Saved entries
=======

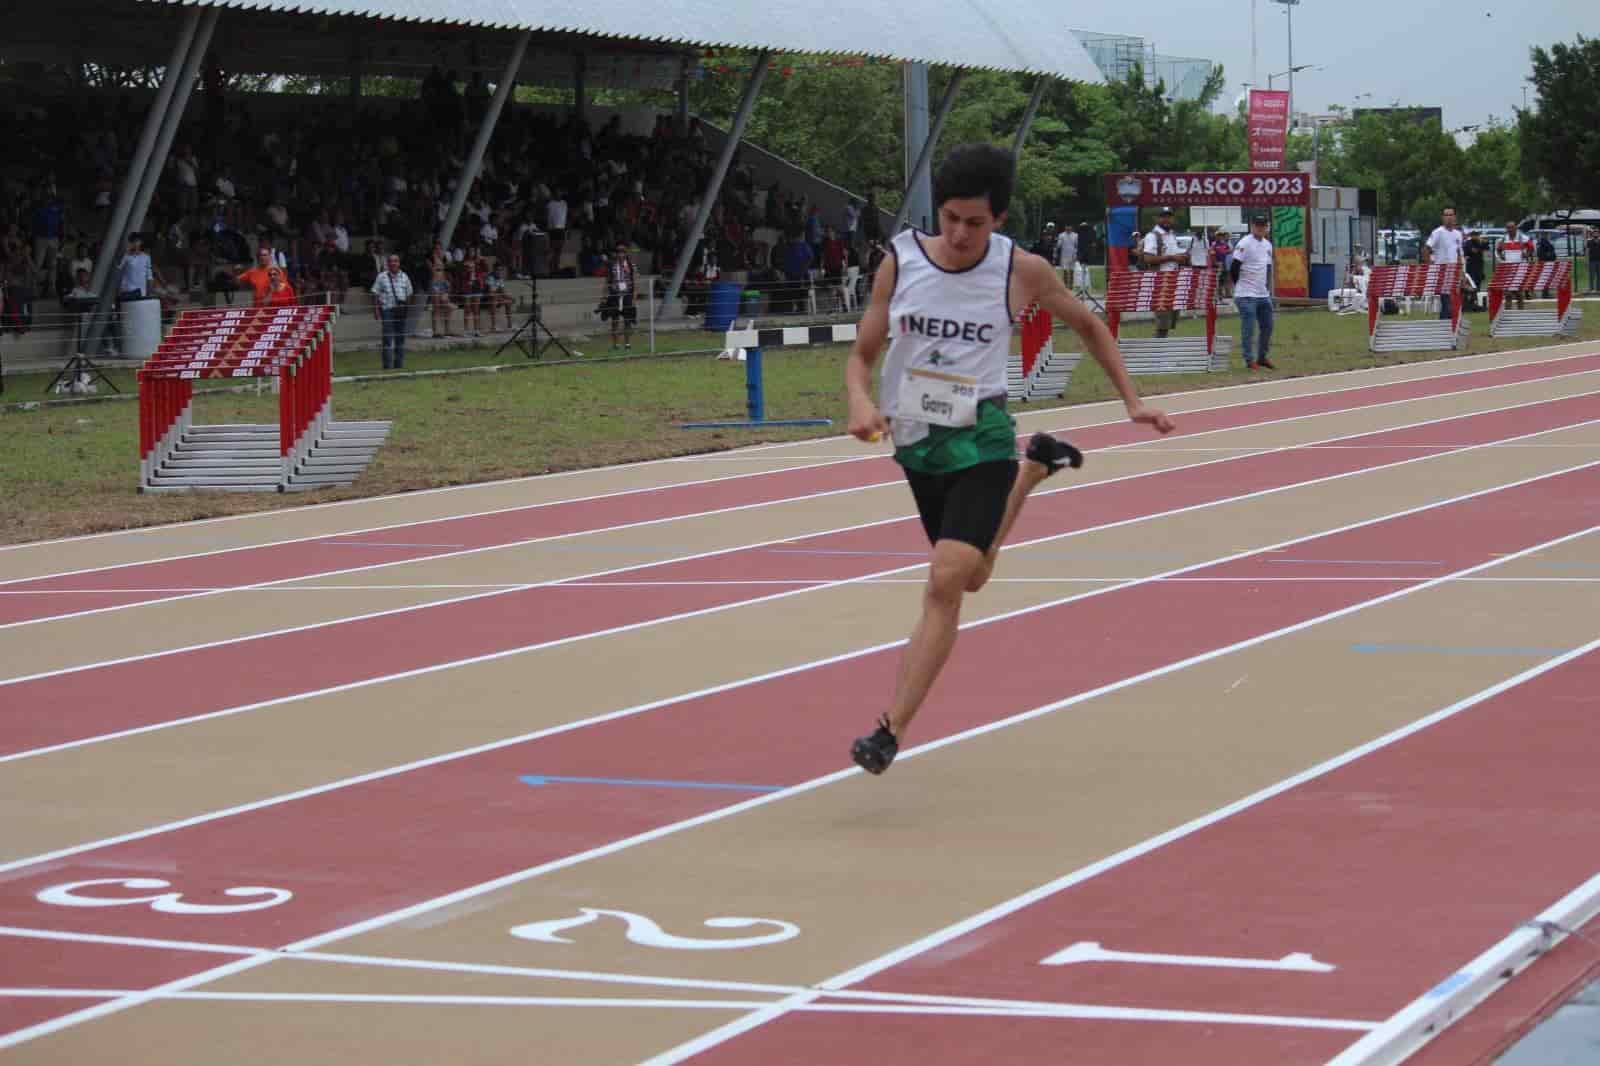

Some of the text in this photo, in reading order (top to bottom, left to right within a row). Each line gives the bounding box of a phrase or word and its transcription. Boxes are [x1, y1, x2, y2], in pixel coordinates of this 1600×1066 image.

[1150, 177, 1303, 195] TABASCO 2023
[899, 314, 994, 344] INEDEC
[36, 877, 293, 915] 3
[510, 907, 801, 951] 2
[1039, 941, 1336, 974] 1

=======

Your assignment – Could you transcribe the records above exactly, leaving out any pictures?

Reply –
Some of the text in this photo, in reading order (top to bottom, left to right within a row). Each line gives the bounding box of a phrase or word and its transcription. Boxes are [x1, y1, x2, y2], in pixel coordinates of this 1600×1066 image.

[1150, 177, 1303, 195] TABASCO 2023
[899, 314, 994, 344] INEDEC
[36, 877, 293, 915] 3
[510, 907, 801, 951] 2
[1039, 941, 1336, 974] 1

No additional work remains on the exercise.